Saved entries
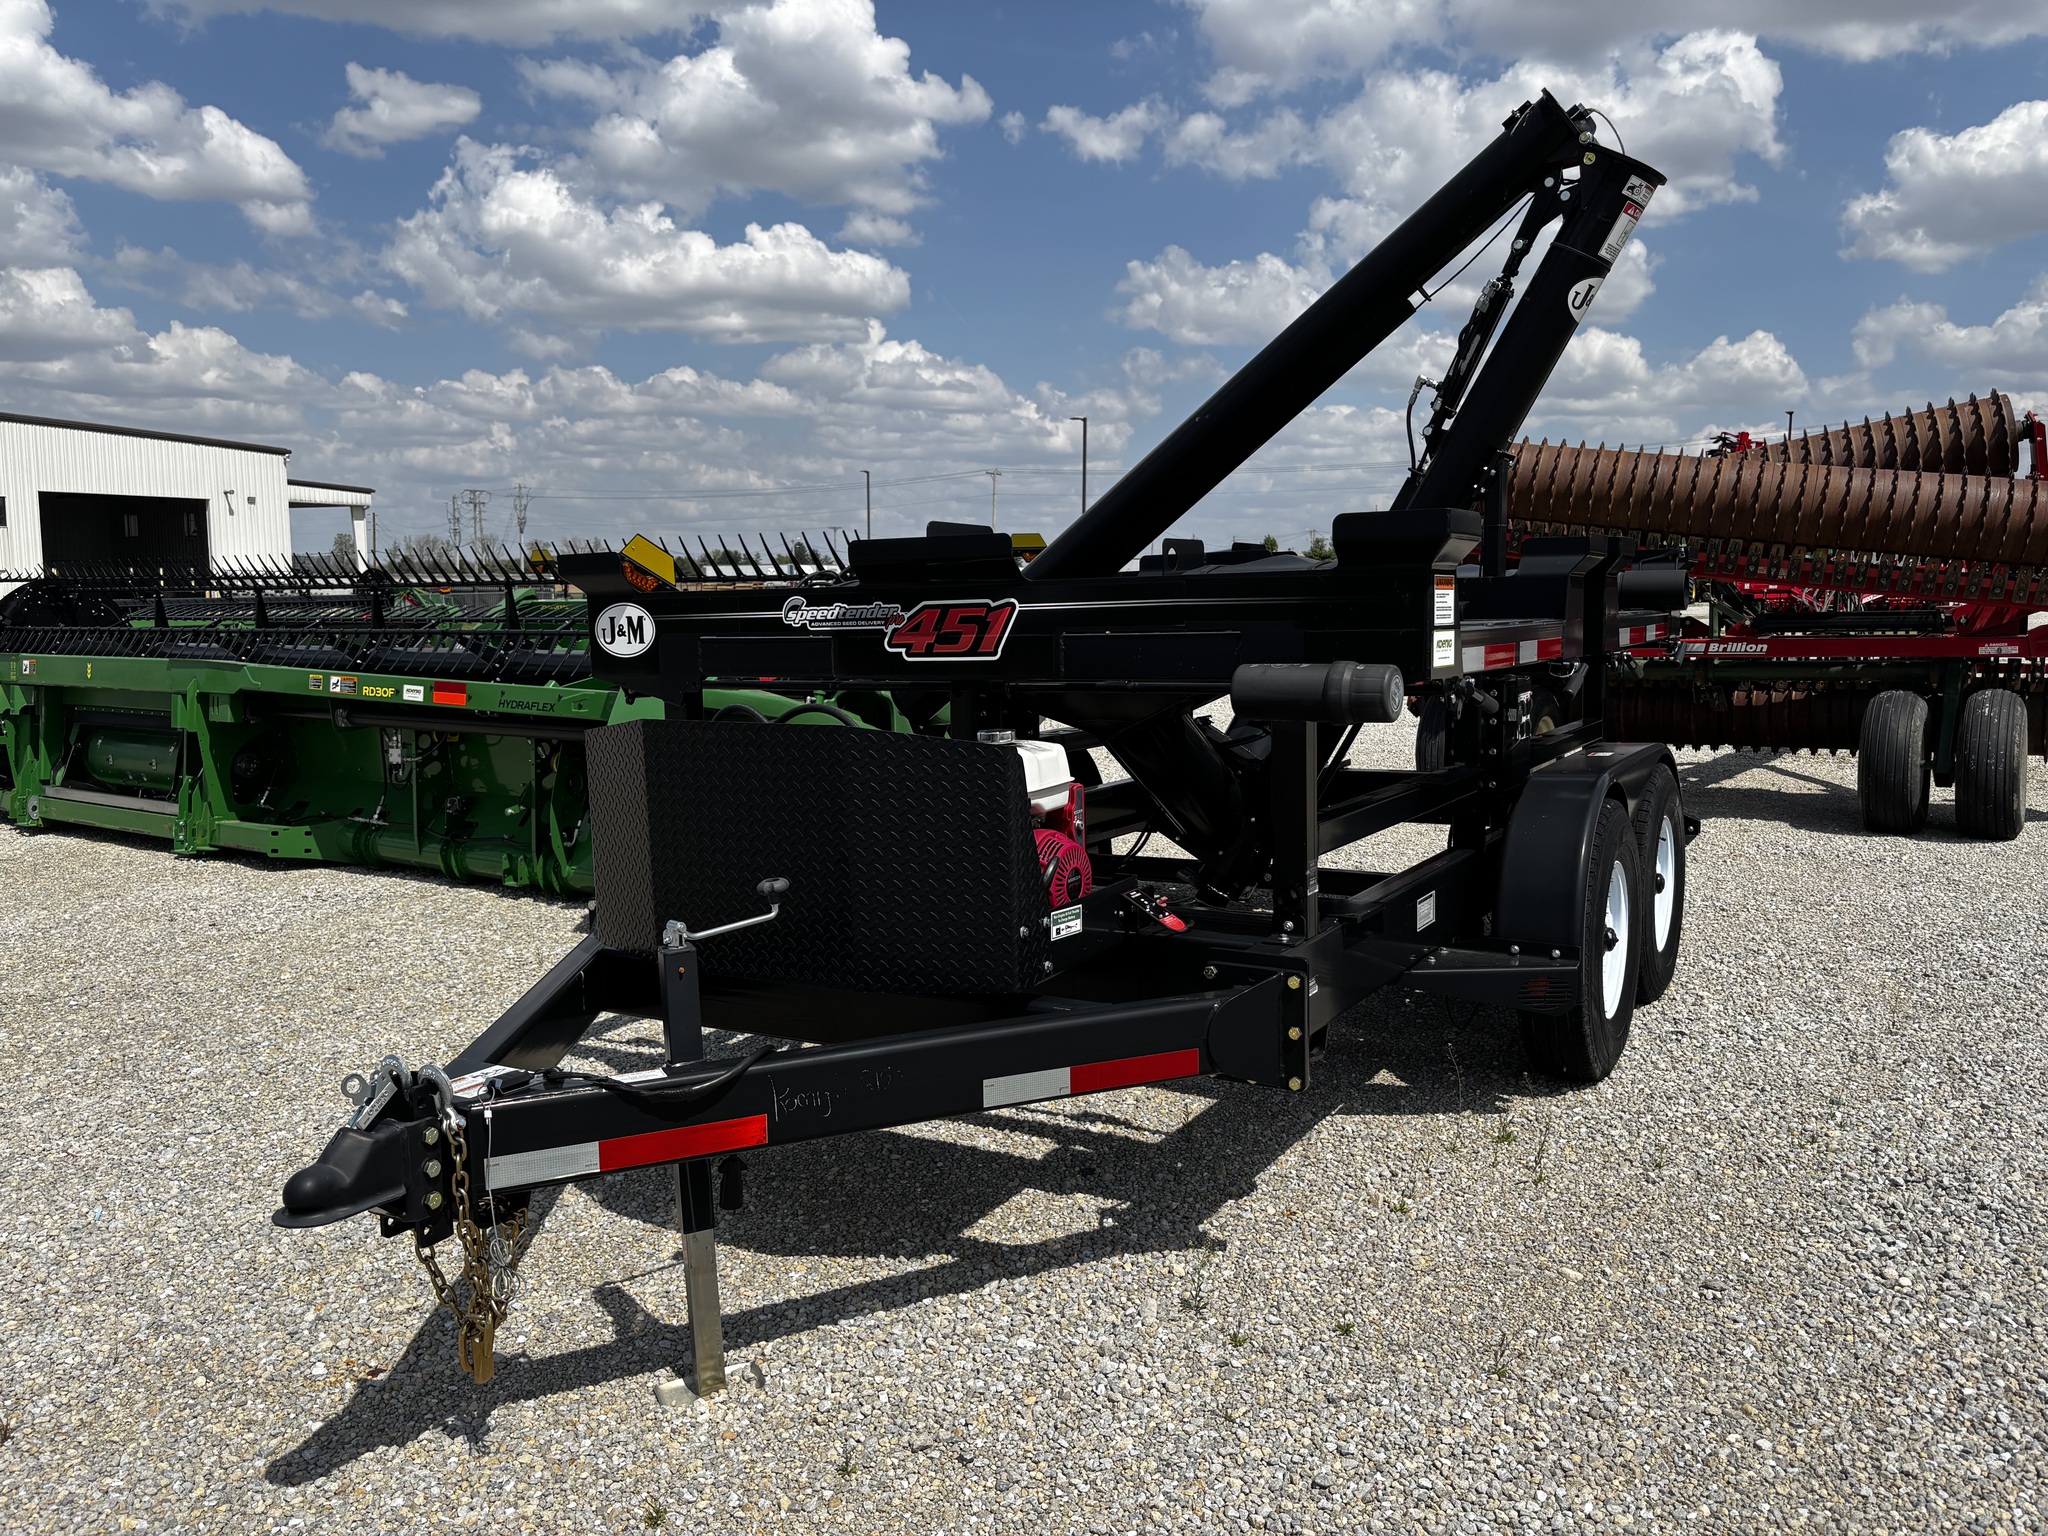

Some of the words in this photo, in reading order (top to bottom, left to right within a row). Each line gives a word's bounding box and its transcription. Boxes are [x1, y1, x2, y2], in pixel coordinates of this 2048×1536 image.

[601, 615, 646, 646] J&M
[891, 606, 1012, 653] 451
[1708, 642, 1768, 653] Brillion
[362, 686, 395, 698] RD30F
[498, 699, 556, 713] HYDRAFLEX
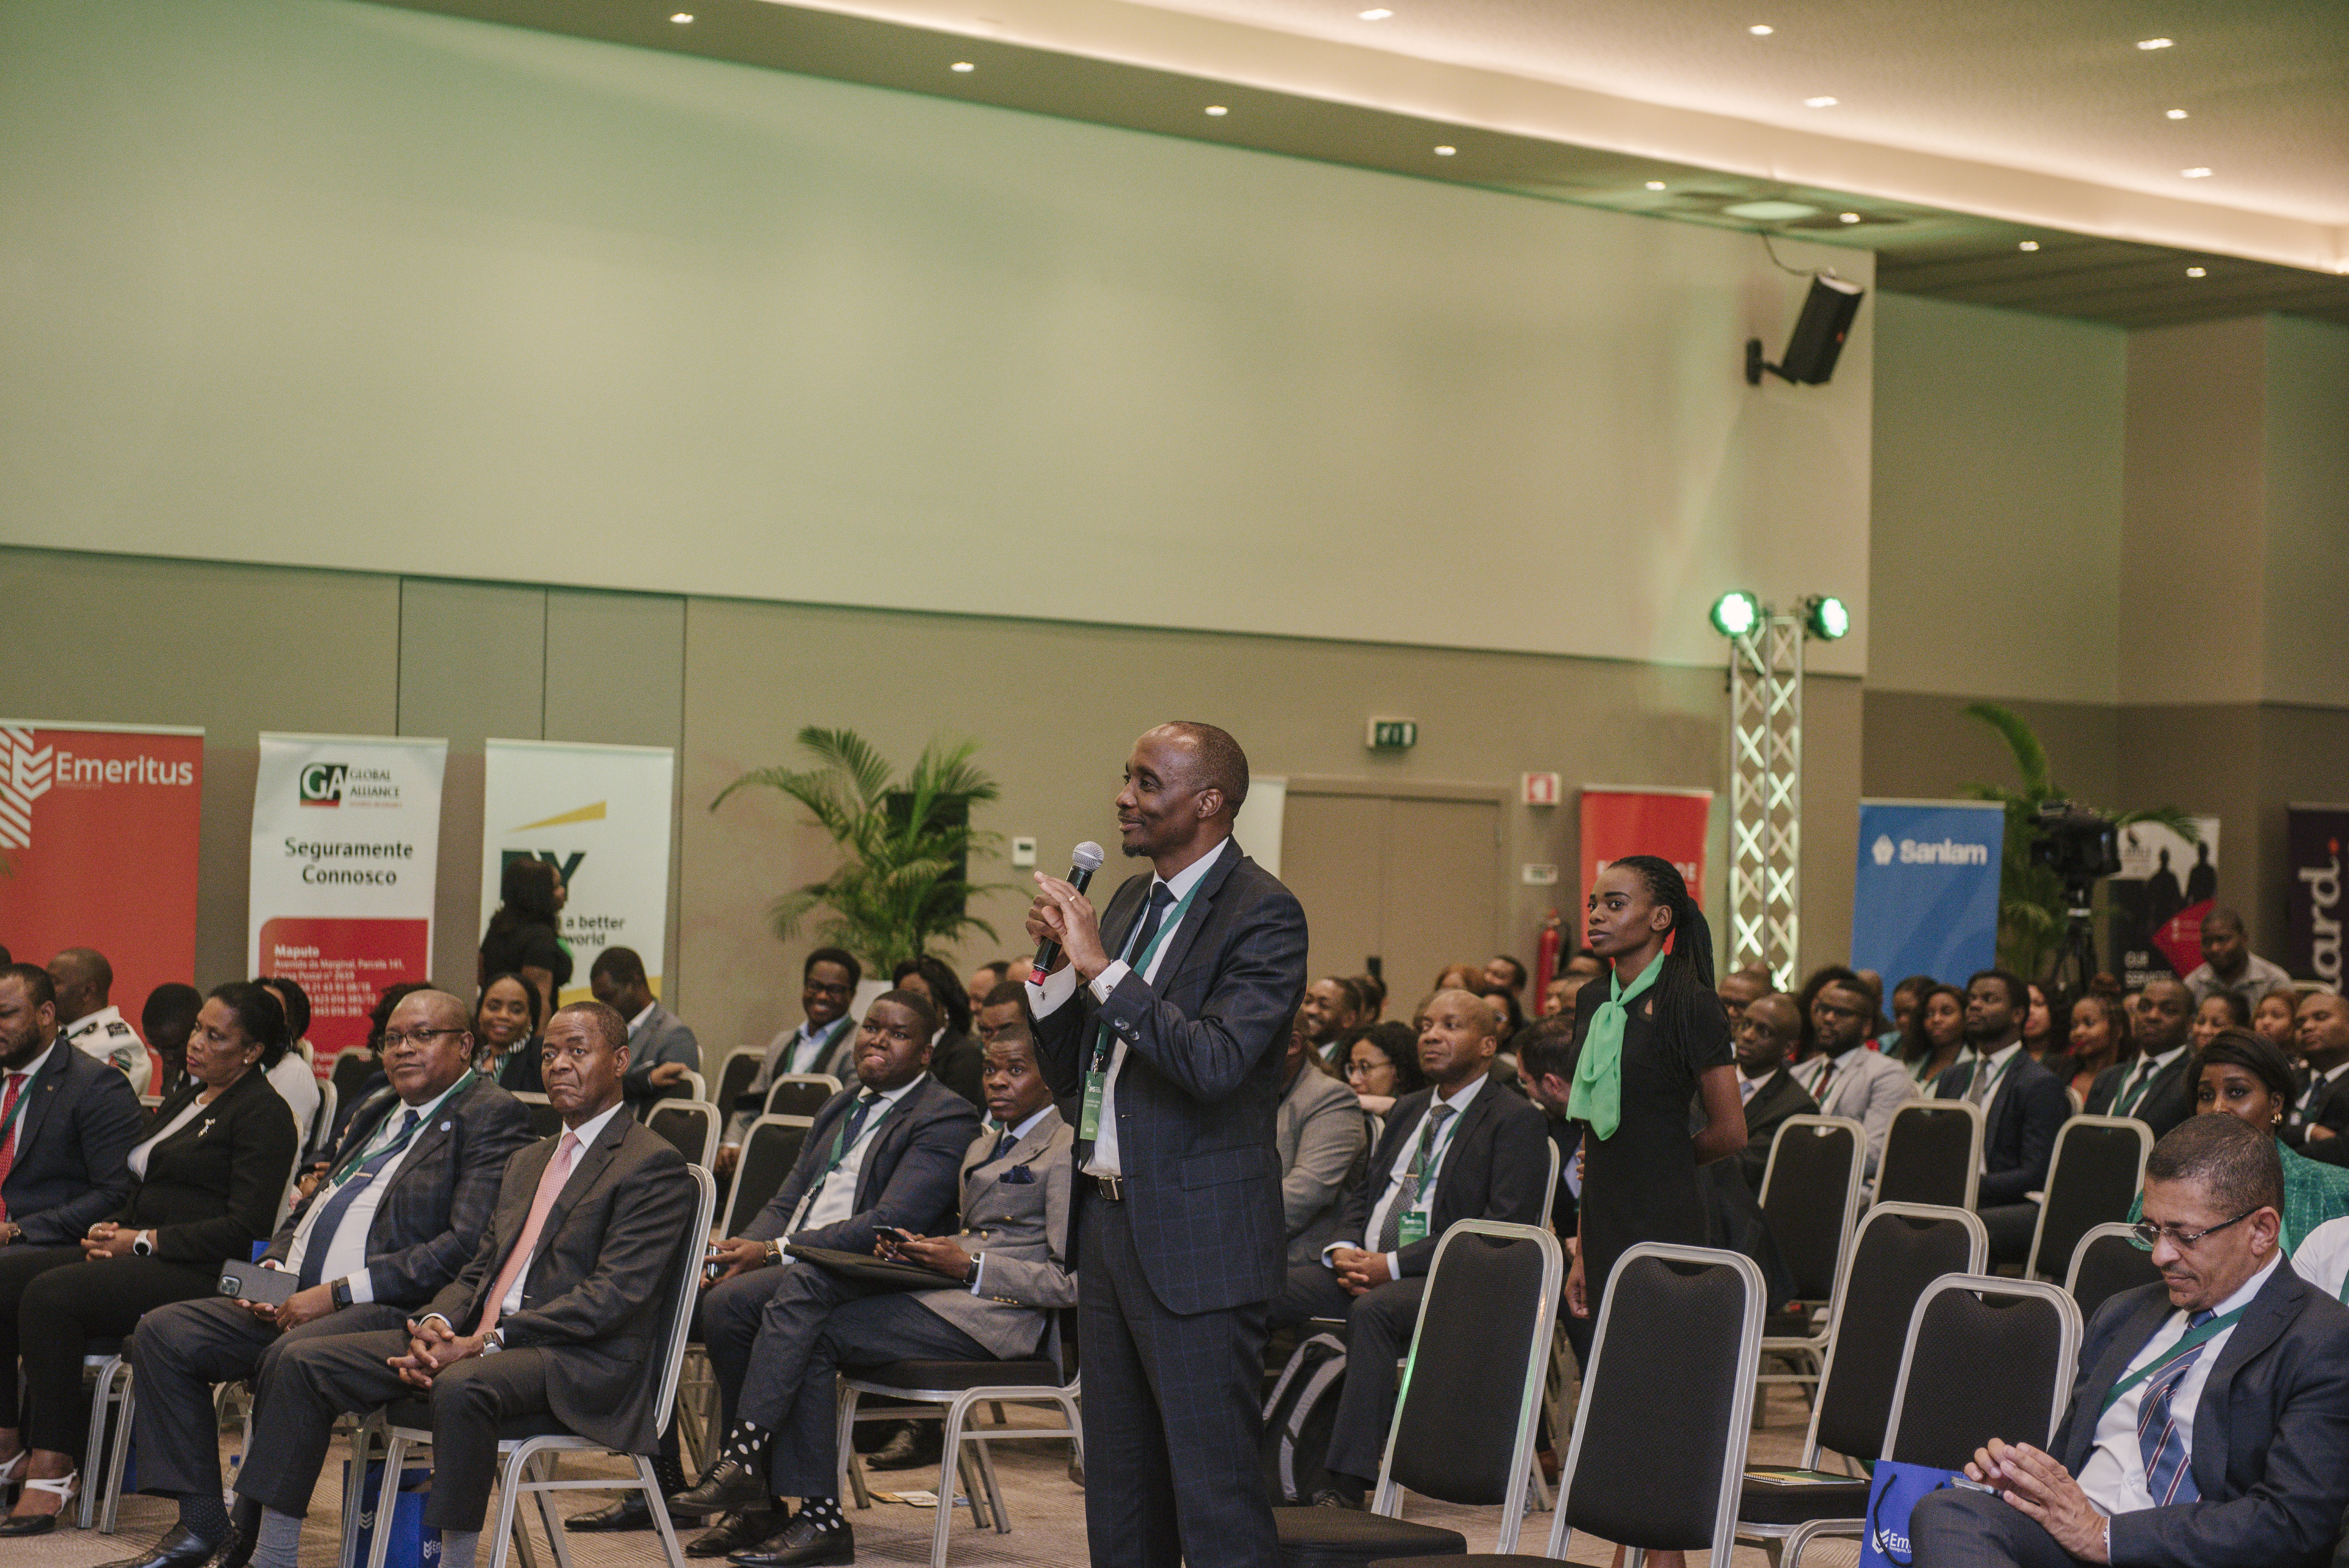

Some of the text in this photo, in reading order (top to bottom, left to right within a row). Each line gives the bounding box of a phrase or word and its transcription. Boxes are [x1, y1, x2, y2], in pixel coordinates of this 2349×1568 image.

[56, 751, 193, 786] Emeritus
[350, 768, 391, 780] GLOBAL
[301, 764, 346, 800] GA
[350, 785, 400, 797] ALLIANCE
[285, 837, 413, 862] Seguramente
[1899, 837, 1988, 866] Sanlam
[302, 864, 397, 886] Connosco
[566, 914, 626, 929] a better
[2298, 855, 2343, 994] ard
[566, 932, 605, 945] world
[274, 944, 320, 959] Maputo
[1890, 1532, 1911, 1549] Em

- **Work instruction**: Return each entry above unchanged. Leave the pictures out.

- **Exercise output**:
Some of the words in this photo, in reading order (top to bottom, left to right within a row). Each line gives a word's bounding box and its transcription. Boxes are [x1, y1, x2, y2], in pixel coordinates of this 2048×1536 image.

[601, 615, 646, 646] J&M
[891, 606, 1012, 653] 451
[1708, 642, 1768, 653] Brillion
[362, 686, 395, 698] RD30F
[498, 699, 556, 713] HYDRAFLEX

Some of the text in this photo, in reading order (top to bottom, left to right within a row). Each line gives the bounding box of a phrase or word and its transcription. Boxes are [x1, y1, x2, y2], in pixel coordinates of this 2349×1568 image.

[56, 751, 193, 786] Emeritus
[350, 768, 391, 780] GLOBAL
[301, 764, 346, 800] GA
[350, 785, 400, 797] ALLIANCE
[285, 837, 413, 862] Seguramente
[1899, 837, 1988, 866] Sanlam
[302, 864, 397, 886] Connosco
[566, 914, 626, 929] a better
[2298, 855, 2343, 994] ard
[566, 932, 605, 945] world
[274, 944, 320, 959] Maputo
[1890, 1532, 1911, 1549] Em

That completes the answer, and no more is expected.